ECLI:NL:RBDHA:2022:4328
Rechtbank Den Haag
- Raadkamer
- Rechtspraak.nl
Verzoek om vergoeding van kosten rechtsbijstand na sepot in strafzaak tegen demonstrant
Op 22 februari 2022 heeft de rechtbank Den Haag uitspraak gedaan in een verzoek ex artikel 530 van het Wetboek van Strafvordering (Sv) van een verzoeker die betrokken was bij een coronademonstratie op 5 mei 2020. De strafzaak tegen de verzoeker was eerder geseponeerd door de officier van justitie op 17 augustus 2021 wegens ouderdom van het feit. De verzoeker had een schadevergoedingsverzoek ingediend voor de kosten van zijn raadsman en de kosten van het indienen van het verzoekschrift. Tijdens de behandeling in raadkamer was de verzoeker niet aanwezig, maar zijn advocaat en de officier van justitie waren wel aanwezig.
De officier van justitie heeft het verzoek afgewezen, omdat er geen gronden van billijkheid aanwezig waren. De rechtbank heeft vastgesteld dat de verzoeker tijdig en correct in zijn verzoek is ontvangen.
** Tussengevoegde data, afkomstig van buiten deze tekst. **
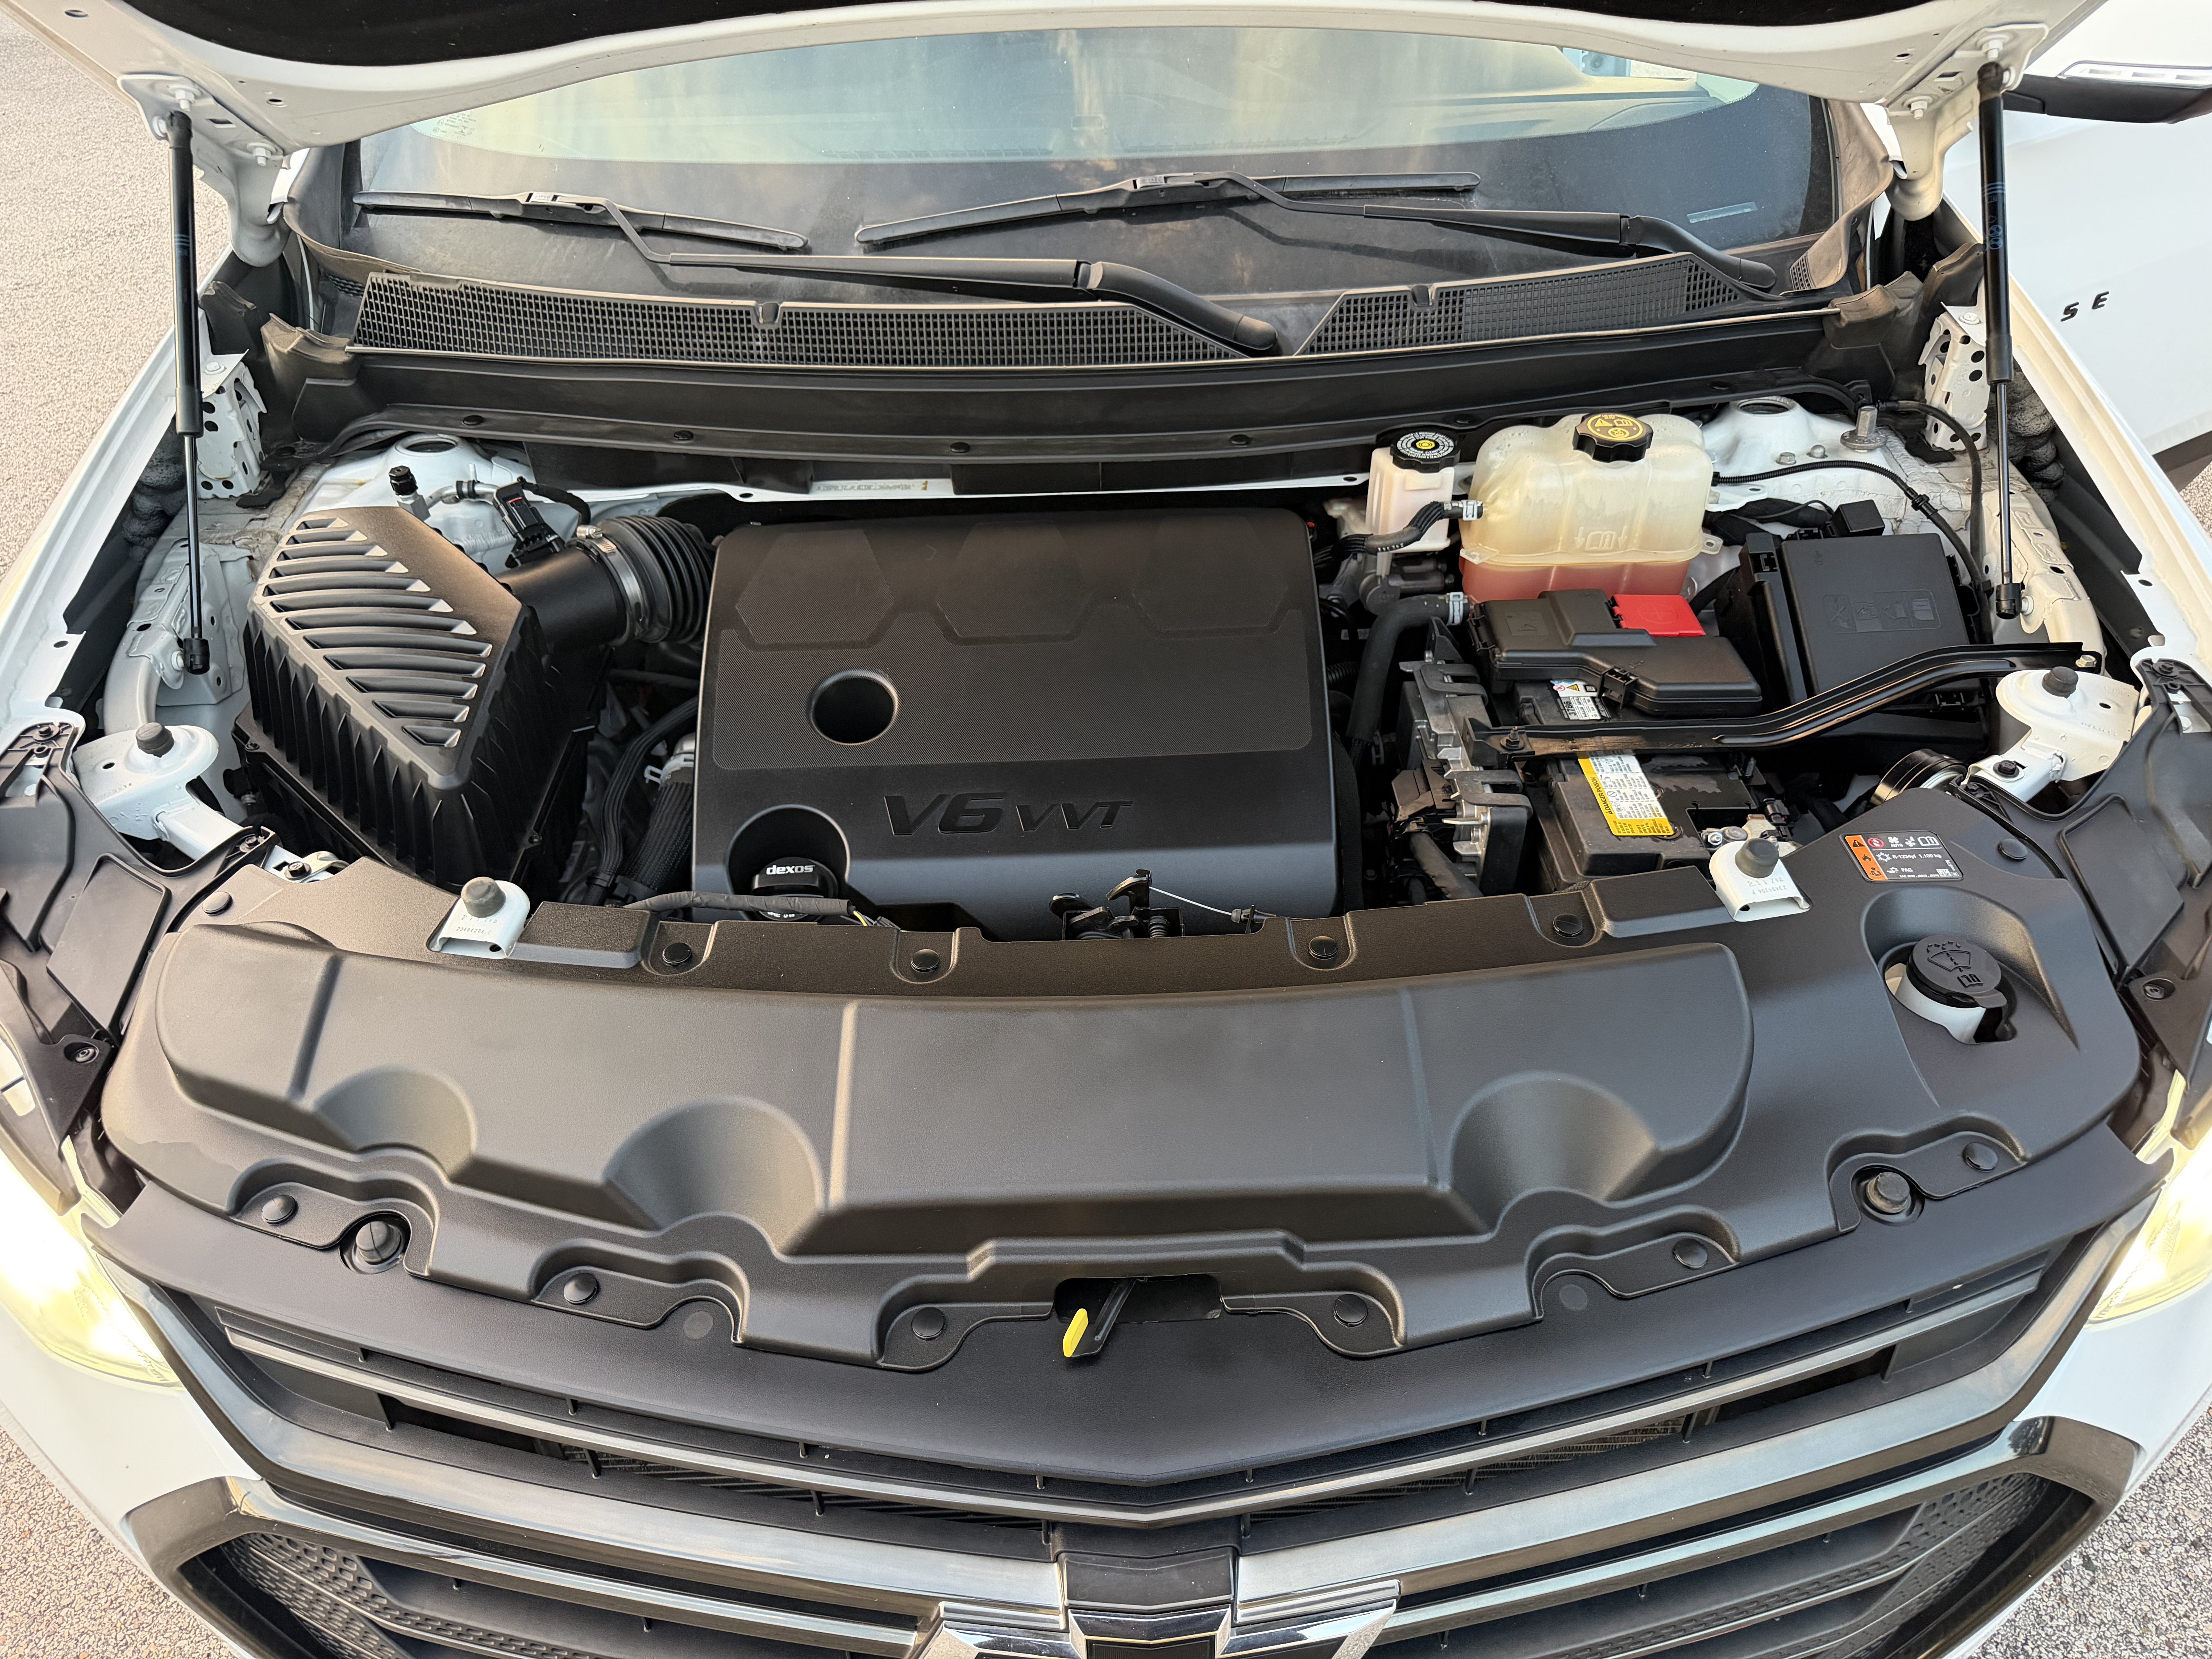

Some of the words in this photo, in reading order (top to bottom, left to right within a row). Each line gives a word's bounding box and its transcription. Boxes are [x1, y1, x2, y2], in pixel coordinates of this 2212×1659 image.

De rechtbank heeft het beoordelingskader van artikel 530 Sv uiteengezet, waarbij het gaat om de vraag of de nadelige gevolgen van de verdenking voor rekening van de verzoeker moeten komen of dat de Staat deze kosten moet dragen. De rechtbank concludeert dat er voldoende verdenking tegen de verzoeker bestond, waardoor de kosten van rechtsbijstand voor zijn rekening blijven.
De rechtbank heeft uiteindelijk het verzoek om vergoeding van de kosten afgewezen, omdat er geen gronden van billijkheid aanwezig waren. De beslissing is genomen door mr. H.P.M. Meskers, rechter, in aanwezigheid van griffier mr. W. Braaksma, en is uitgesproken ter openbare zitting.